> _ASSIGNMENT_
Every record below, from first to last, should be copied exactly; leave the pictures out.
——————————
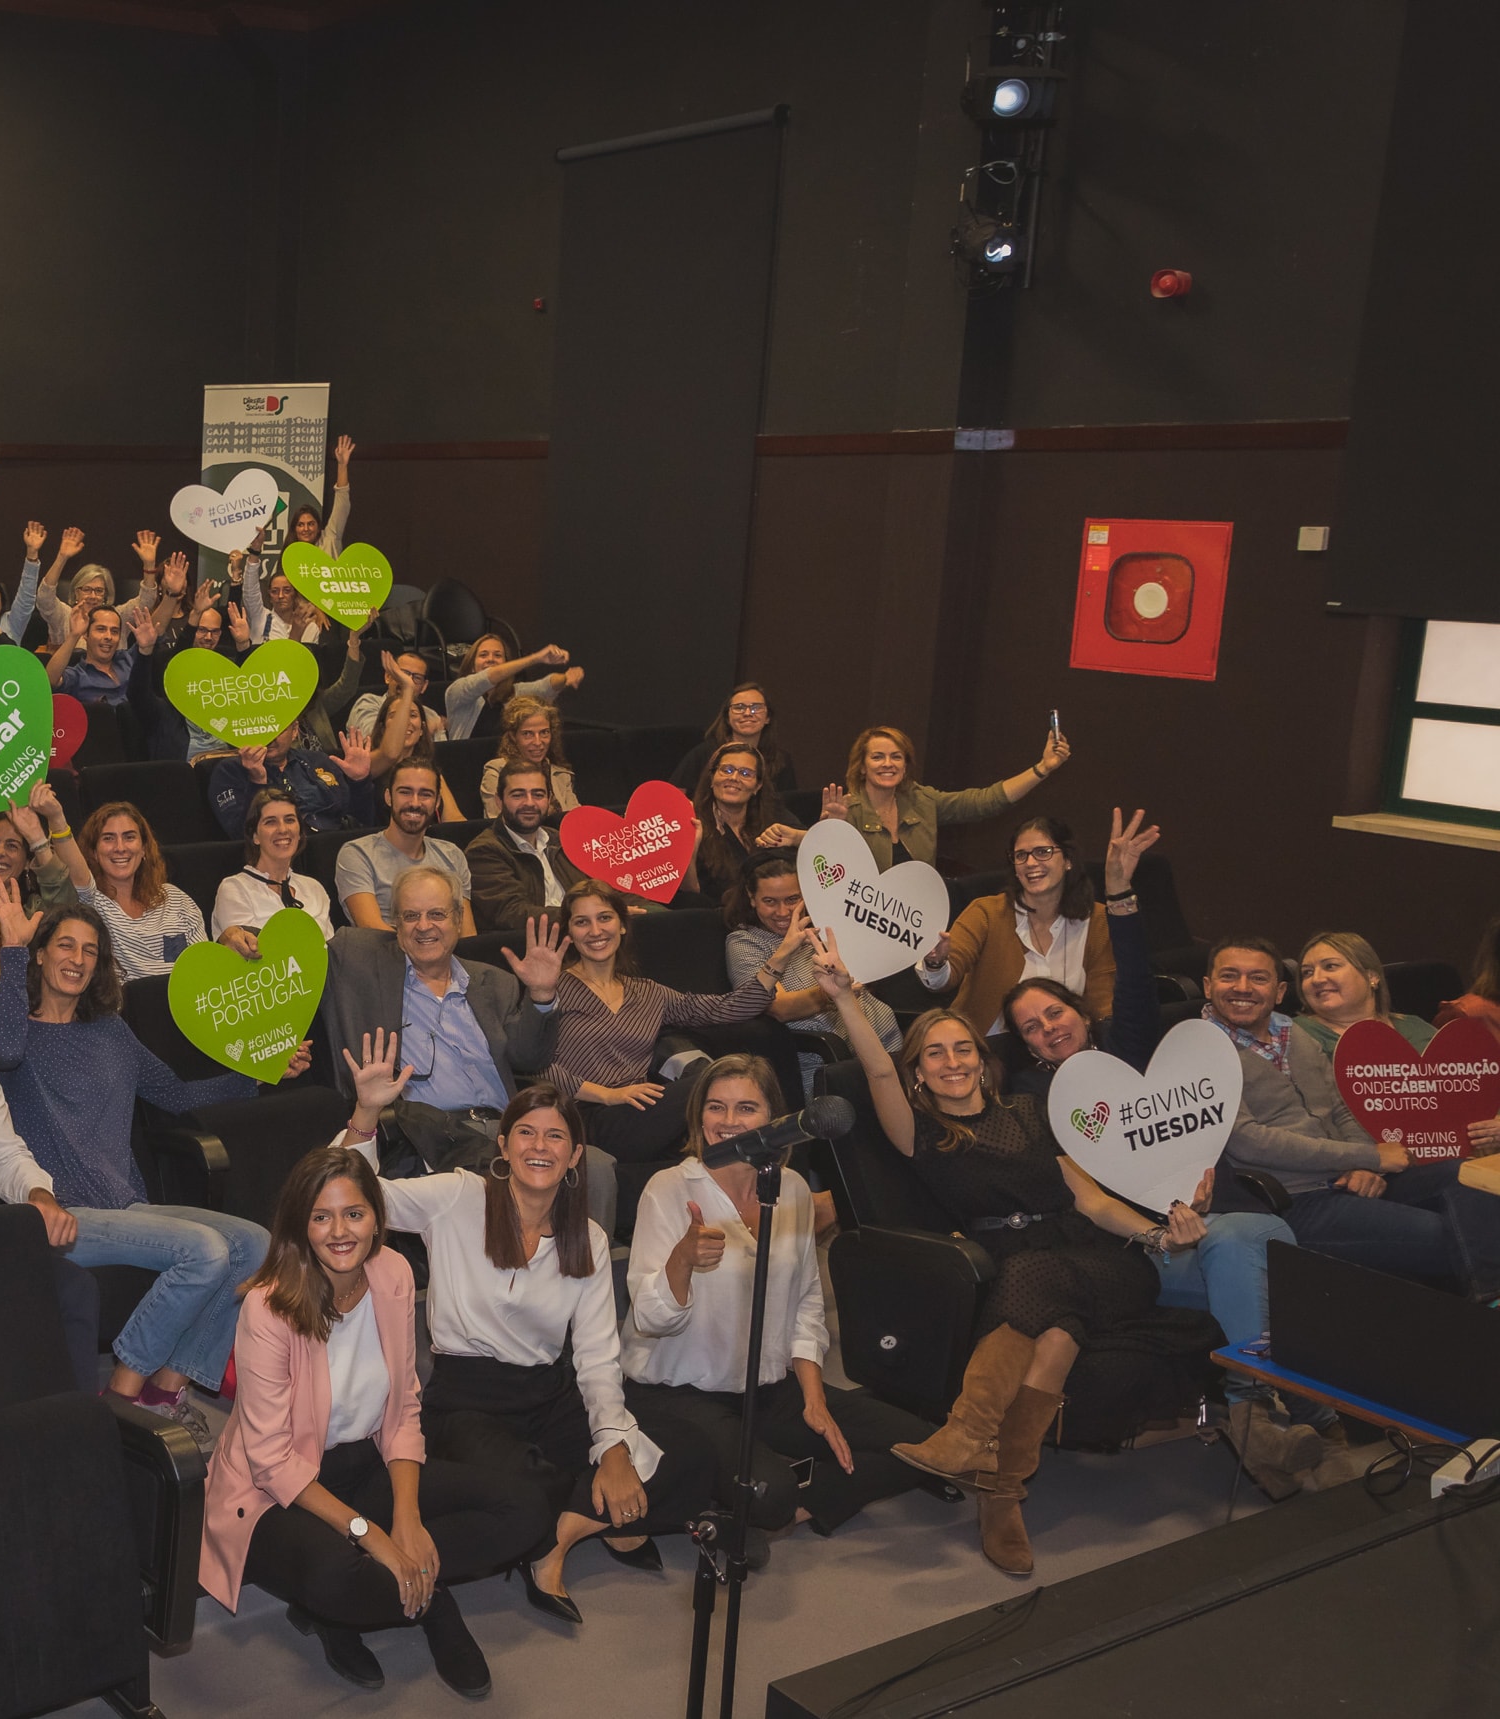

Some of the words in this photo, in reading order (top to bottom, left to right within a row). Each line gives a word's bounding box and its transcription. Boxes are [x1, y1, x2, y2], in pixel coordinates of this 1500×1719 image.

[206, 428, 230, 436] CASA
[234, 428, 248, 436] DOS
[252, 427, 287, 435] DIREITOS
[291, 426, 324, 434] SOCIAIS
[206, 438, 229, 446] CASA
[234, 438, 248, 446] DOS
[252, 437, 287, 445] DIREITOS
[290, 436, 324, 444] SOCIAIS
[208, 494, 262, 517] #GIVING
[211, 505, 267, 528] TUESDAY
[298, 564, 382, 578] #éaminha
[320, 580, 370, 593] causa
[338, 608, 371, 616] TUESDAY
[187, 671, 291, 696] #CHEGOUA
[202, 686, 299, 709] PORTUGAL
[232, 715, 276, 727] #GIVING
[233, 724, 280, 736] TUESDAY
[1, 751, 46, 799] TUESDAY
[582, 814, 666, 853] #ACAUSAQUE
[592, 820, 681, 862] ABRAÇATODAS
[609, 836, 672, 868] ASCAUSAS
[636, 862, 674, 882] #GIVING
[640, 870, 680, 891] TUESDAY
[848, 879, 923, 928] #GIVING
[844, 899, 924, 950] TUESDAY
[195, 956, 302, 1015] #CHEGOUA
[212, 976, 312, 1032] PORTUGAL
[248, 1023, 293, 1051] #GIVING
[250, 1034, 298, 1064] TUESDAY
[1346, 1059, 1500, 1080] #CONHEÇAUMCORAÇÃO
[1119, 1078, 1215, 1125] #GIVING
[1364, 1097, 1438, 1112] OSOUTROS
[1124, 1102, 1224, 1151] TUESDAY
[1407, 1131, 1457, 1144] #GIVING
——————————
> _RESULT OF THE EXERCISE_
Some of the words in this photo, in reading order (top to bottom, left to right within a row). Each line gives a word's bounding box and its transcription. Boxes are [x1, y1, x2, y2], in pixel coordinates of this 1500×1719 image.

[206, 428, 230, 436] CASA
[234, 428, 248, 436] DOS
[252, 427, 287, 435] DIREITOS
[291, 426, 324, 434] SOCIAIS
[206, 438, 229, 446] CASA
[234, 438, 248, 446] DOS
[252, 437, 287, 445] DIREITOS
[290, 436, 324, 444] SOCIAIS
[208, 494, 262, 517] #GIVING
[211, 505, 267, 528] TUESDAY
[298, 564, 382, 578] #éaminha
[320, 580, 370, 593] causa
[338, 608, 371, 616] TUESDAY
[187, 671, 291, 696] #CHEGOUA
[202, 686, 299, 709] PORTUGAL
[232, 715, 276, 727] #GIVING
[233, 724, 280, 736] TUESDAY
[1, 751, 46, 799] TUESDAY
[582, 814, 666, 853] #ACAUSAQUE
[592, 820, 681, 862] ABRAÇATODAS
[609, 836, 672, 868] ASCAUSAS
[636, 862, 674, 882] #GIVING
[640, 870, 680, 891] TUESDAY
[848, 879, 923, 928] #GIVING
[844, 899, 924, 950] TUESDAY
[195, 956, 302, 1015] #CHEGOUA
[212, 976, 312, 1032] PORTUGAL
[248, 1023, 293, 1051] #GIVING
[250, 1034, 298, 1064] TUESDAY
[1346, 1059, 1500, 1080] #CONHEÇAUMCORAÇÃO
[1119, 1078, 1215, 1125] #GIVING
[1364, 1097, 1438, 1112] OSOUTROS
[1124, 1102, 1224, 1151] TUESDAY
[1407, 1131, 1457, 1144] #GIVING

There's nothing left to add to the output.